Margaret Bauman, M.D.
Associate Professor of Neurology at Harvard Medical School, Assistant Neurologist
and Associate Pediatrician at the Massachusetts General Hospital, and Medical
Director of Learning and Developmental Disabilities Evaluation and Rehabilitation
Services (LADDERS) at MGH/Spaulding Rehabilitation Hospital.
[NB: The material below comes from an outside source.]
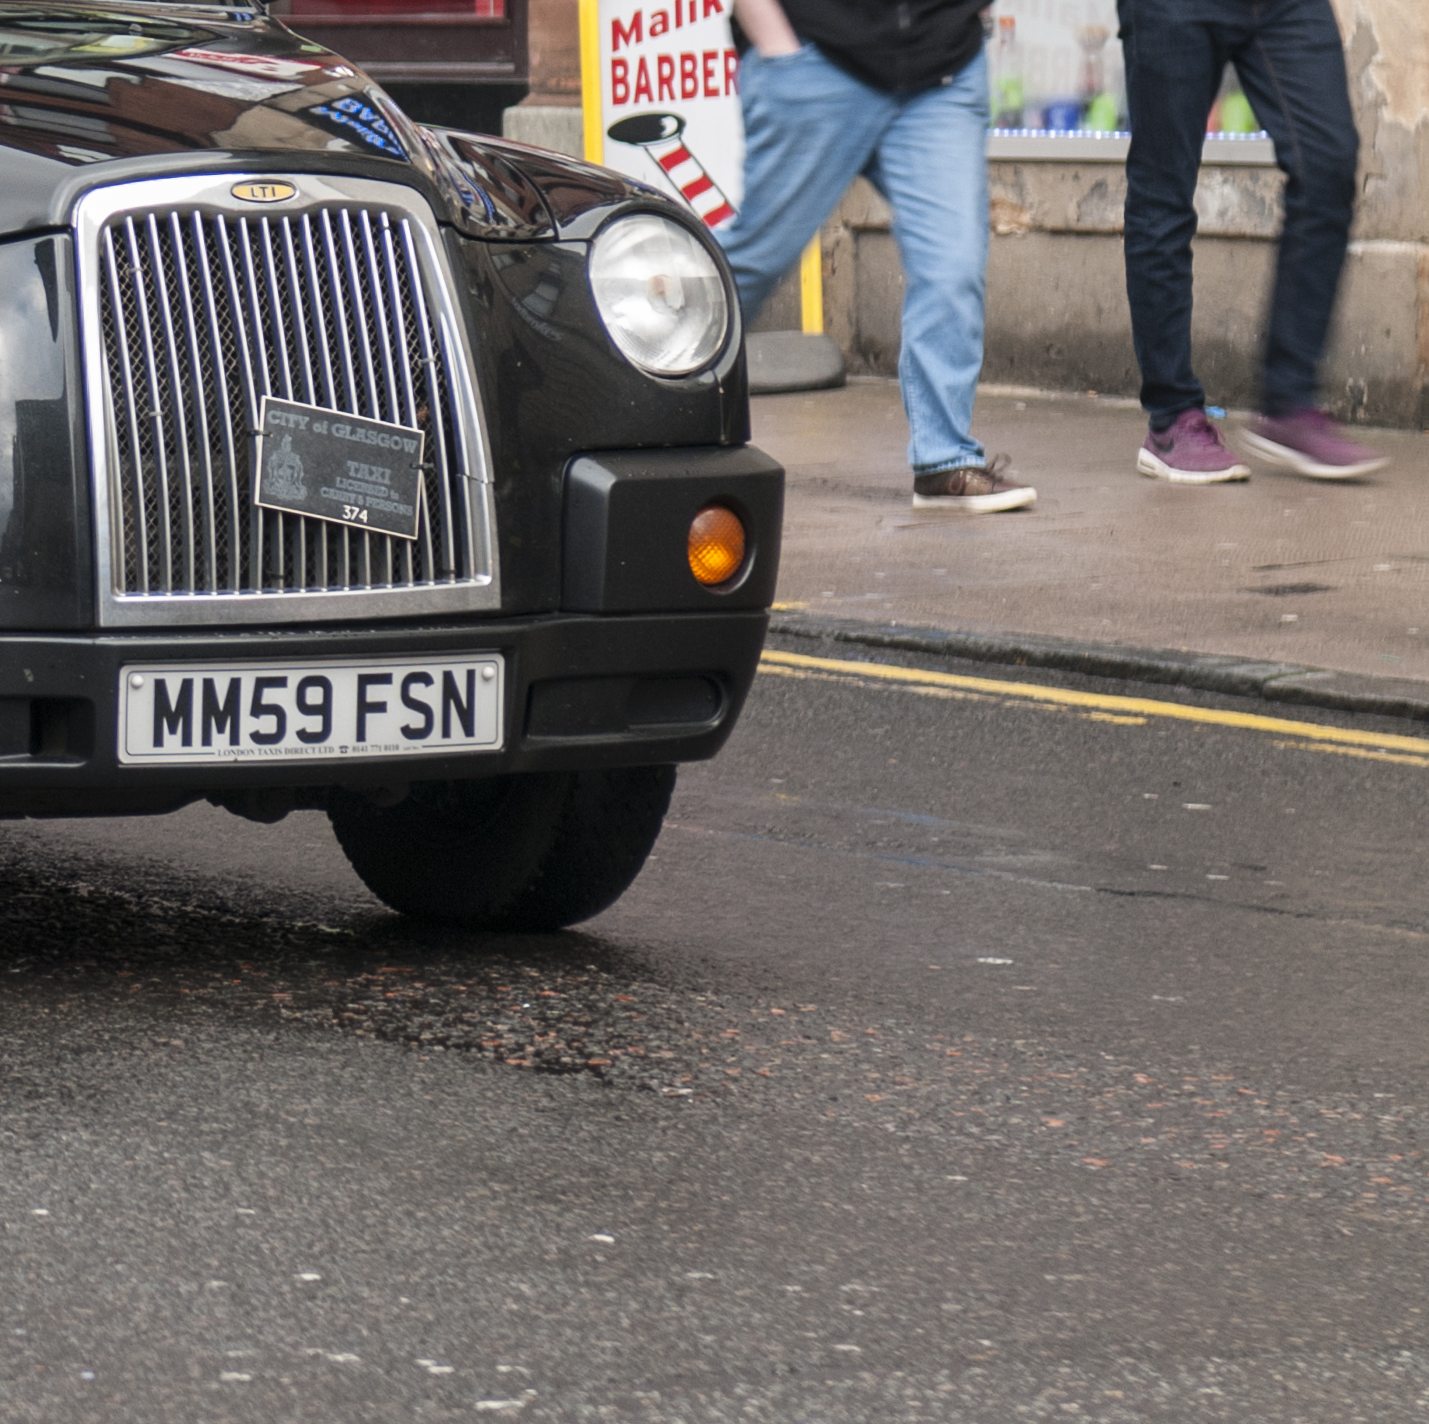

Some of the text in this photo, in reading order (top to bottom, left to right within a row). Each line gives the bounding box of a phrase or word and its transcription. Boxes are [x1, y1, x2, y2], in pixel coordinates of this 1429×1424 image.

Since 1983, Dr. Bauman, along with Dr. Thomas Kemper, has been involved in autism
research. In 1984, these investigators were the first to report anatomic abnormalities
in the autistic brain involving neuronal circuitry known to be important to learning,
memory, emotion, and behavior. Dr. Bauman is also a collaborator on a number
of additional projects including genetic studies in multi-incidence families,
PET scan analysis in high functioning adults with autism, and studies of brain
serotonin synthesis in children with autism. Dr. Bauman has published extensively
and presents regularly at national conferences.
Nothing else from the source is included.